Police release new pictures of suspect in Molseed case

31 December 2001
Ian Herbert
The Independent

One of Britain's most ill-fated murder inquiries, which has already sent an innocent man to jail for 16 years, is piling more frustration on detectives who have now identified a prime suspect but cannot locate him.

The Lesley Molseed case has become better known for the Inland Revenue clerk who was wrongfully jailed for it – Stefan Kiszko – than the 11-year-old girl who set off to fetch a loaf of bread at Rochdale, Lancashire, on 5 October 1975 and never came back. She was sexually assaulted, stabbed 12 times and dumped on moors at Ripponden. In 1992, DNA from semen, found on Lesley's body but not revealed in court, proved Mr Kiszko's innocence. He was set free but died a year later.

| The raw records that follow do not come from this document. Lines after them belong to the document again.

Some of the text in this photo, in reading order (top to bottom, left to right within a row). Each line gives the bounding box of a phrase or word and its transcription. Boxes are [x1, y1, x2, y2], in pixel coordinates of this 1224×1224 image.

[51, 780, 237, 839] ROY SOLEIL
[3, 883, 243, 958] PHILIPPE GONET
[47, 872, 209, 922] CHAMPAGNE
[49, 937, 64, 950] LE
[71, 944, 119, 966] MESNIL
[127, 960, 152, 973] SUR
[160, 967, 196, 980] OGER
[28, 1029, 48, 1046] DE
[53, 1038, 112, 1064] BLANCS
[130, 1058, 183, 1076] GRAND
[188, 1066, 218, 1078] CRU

Renewed belief that DNA could unlock the mystery prompted a second re-opening of the inquiry seven months ago. Since then a list of 103 potential suspects has been drawn up. The prime suspect is Raymond Hewlett, 56, a former Scots Guardsman, trawlerman and fairground worker. Two photographs of him have just been published by detectives – a step which reflects their desperation to find him.

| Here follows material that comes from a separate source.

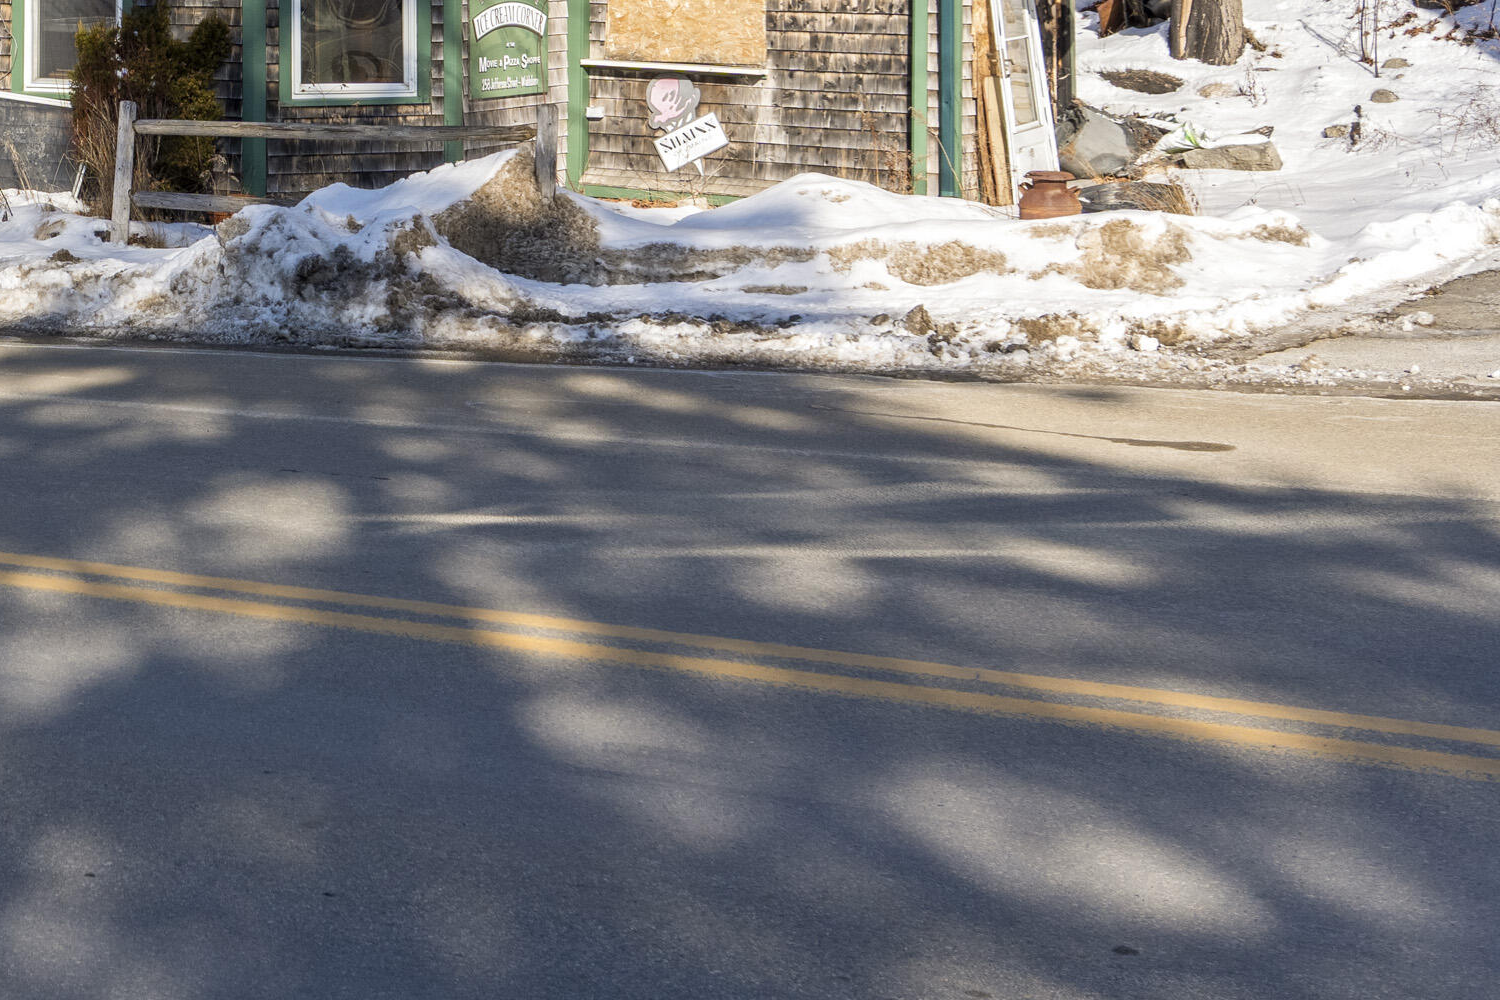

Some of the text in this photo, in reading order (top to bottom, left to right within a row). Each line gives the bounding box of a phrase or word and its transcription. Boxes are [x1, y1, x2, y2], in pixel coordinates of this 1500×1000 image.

[476, 5, 544, 37] ICE CREAM CORNER

Mr Hewlett was living in Todmorden – 10 miles from Rochdale – when Lesley was killed. He fled west Yorkshire for the Republic of Ireland soon after the murder. He had a record of crimes against girls for which he had served 18-month and four-year sentences. It was only after his release from a later, six-year, sentence for kidnapping a 14-year-old girl on a paper round in Cheshire, that police, realising the Kisko conviction was flawed, questioned Mr Hewlett in 1993. Most of his answers consisted of: "No reply."

He was linked to the scene of the crime as he owned a blue Morris 1000 van which matched the descriptions of 14 people who saw one parked in a lay-by at Ripponden on the day of Lesley's abduction. But it was insufficient evidence to charge him and he was released. The van has never been found and he has remained at large.

Investigations in the early 1990s and published in Innocents, a book on the case written by a retired police officer and a local journalist, also established a previously unknown link between Mr Hewlett's family and friends of the Molseed family. This raised the possibility that Lesley had known her killer and might have got into his car without fear.

The two new photographs of Mr Hewlett – one, taken in Forres on Scotland's Moray Firth in October 1997 with his then girlfriend, a 25-year-old German national; the other used as a passport picture in 1995 in Milan – demonstrate his mobility and powers of evasion.

He has spent much of the last eight years in the Irish Republic – attractive to criminals like him because there are no passport controls or sex offenders' register – but he has also escaped detection by moving around continental Europe. His many relationships have yielded eight children. But despite several close shaves, he has evaded detection by British police, the Irish Gardai and Interpol.

After he was spotted cruising remote areas of Ireland in a van, a circular distributed to Garda stations warned that Mr Hewlett was a danger to children and should be kept under observation. The Irish Gardai, who want to question him in connection with a series of attempted abductions, know he has also claimed social welfare benefits in at least six places. Mr Hewlett is cunning, according to Irish officers. "[He] poses as an undercover police officer to search for young girls or befriends their families to gain access to children," said one. "To say we need to trace this man is an understatement," said Det Supt Max McClean, who leads the inquiry.